For Daphne Schiff, the sky is the limit. Literally. Every year, the 81-year-old pilot and natural science professor at York University begins her class on the science of flight by landing her plane on the south field of the campus, reported the Toronto Sun June 14. In 1996, she competed in the first 26,000-km Race of the Americas from New York to Argentina and back. And just three weeks ago she rented a plane in Johannesburg and delivered school supplies in South Africa. Monday night, Schiff addressed a crowd of 6,800 students graduating from York, where she received an honorary degree and shared her message: Anything is possible. “We live in a time of extraordinary opportunity and never underestimate what you’re capable of,” Schiff told the graduates. “Continue to follow your heart with a goal in mind and think of a powerful way to make a contribution.”



  • Tuesday at York University, David Suzuki and Robbie Robertson were to get honorary degrees, reported CBC Radio’s “Here and Now” June 13.

 The deadly price of dirty air


People with asthma suffer greatly for days, even weeks, after a smog alert, says Dr.

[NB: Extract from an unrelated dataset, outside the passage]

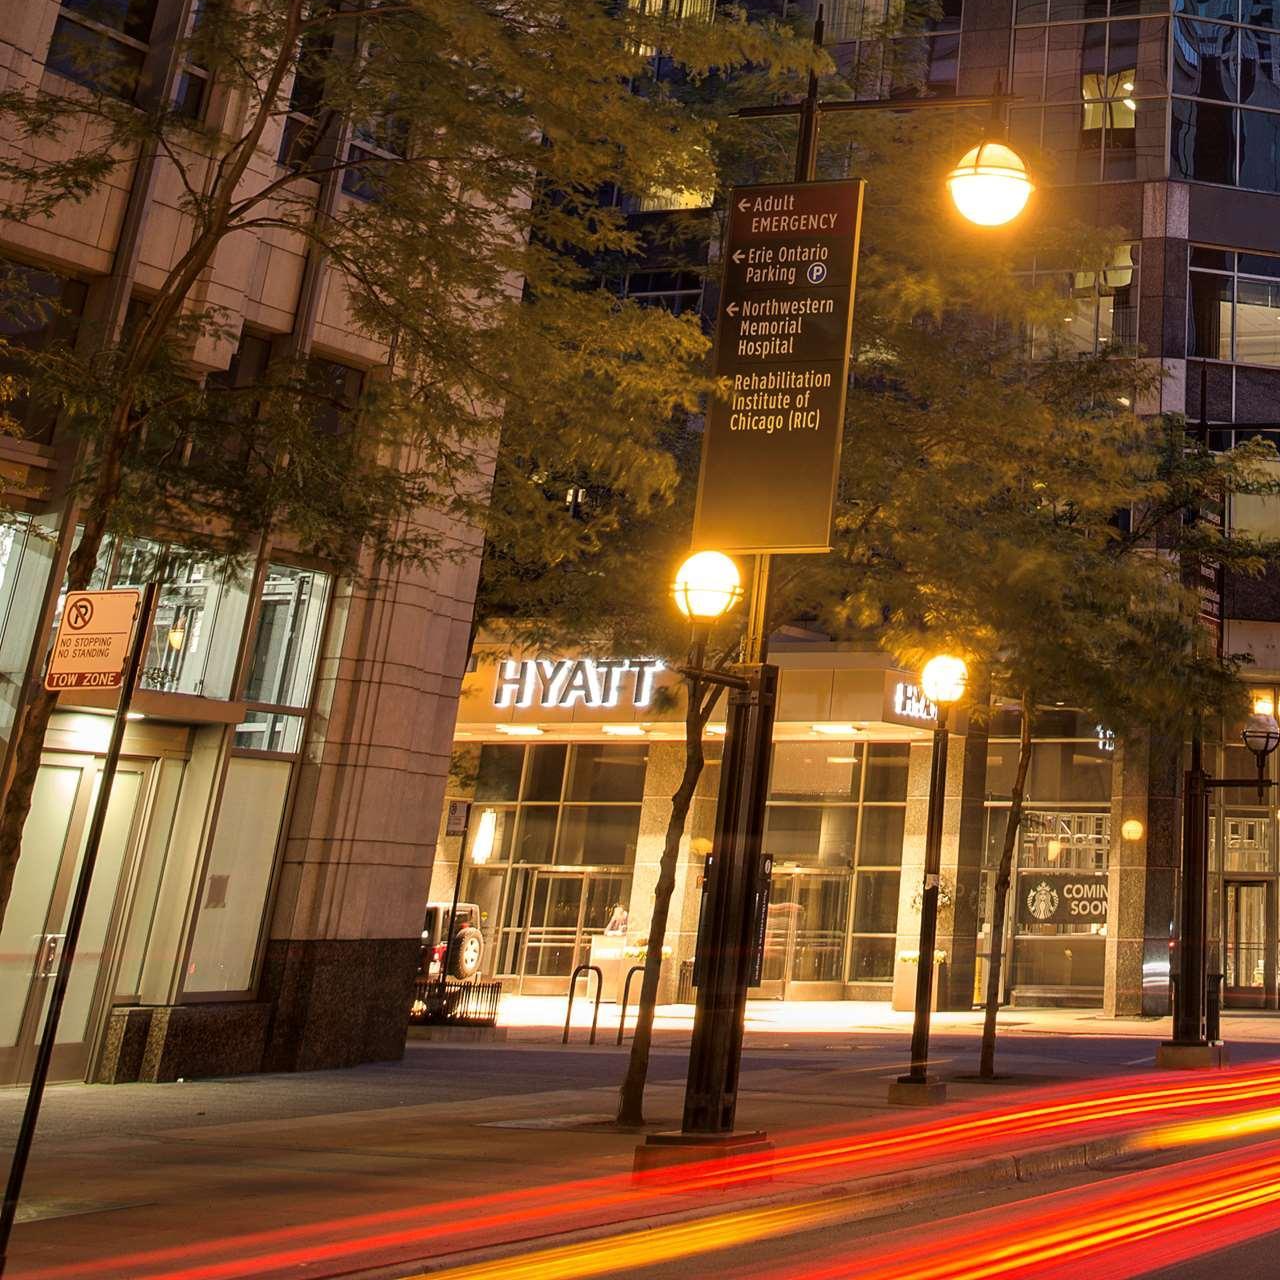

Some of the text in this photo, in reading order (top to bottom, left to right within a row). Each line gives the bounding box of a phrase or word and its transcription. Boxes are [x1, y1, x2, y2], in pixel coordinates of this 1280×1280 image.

Mark Greenwald, vice-president of the Asthma Society of Canada, and co-founder of Tuesday’s asthma summit at York University, reported the Toronto Star June 14.”The asthmatic takes a much longer time to recover,” he said. “The trigger is sudden but the effects are longstanding.” His comments were included in a story about a new report from the Ontario Medical Association estimating that more than 5,800 Ontario residents are expected to die prematurely this year because they are breathing dirty air.



  • Greenwald was also interviewed about the impact asthma has on the economy and better ways to help asthmatics, on CBC Radio’s “Here and Now” June 13.

University branding strengthens reputation


York University’s advertising campaign has stirred controversy precisely because it’s so professional, argued Richard Fisher, York’s chief marketing and communications officer, in an opinion piece in the June-July issue of University Affairs. Those who are opposed to the campaign say it is too corporate. But conventional images of the kind we are accustomed to would not have raised an eyebrow, never mind a comment, because no one would have noticed them.


As it happens, the York branding effort has just been awarded by the US Council for the Advancement and Support of Education two golds for the best university marketing campaigns in North America (for advertising and public relations), pointed out Fisher. York beat such universities as New York University and the University of California at Berkeley. In other words, wrote Fisher, our peers across the continent are recognizing the freshness of the approach.



Branding is simply a way of increasing reputation, and reputation is built on strength, wrote Fisher. Marketing budgets at universities are minuscule compared with those in the private sector, which means that our marketing has to be all the more focused to break through the cacophony.


To me, Fisher said, the fact that some people at York are already spoofing York ads is marketing nirvana. The ads have entered the culture. For York, the highest possible compliment is that people are noticing and responding, one way or the other.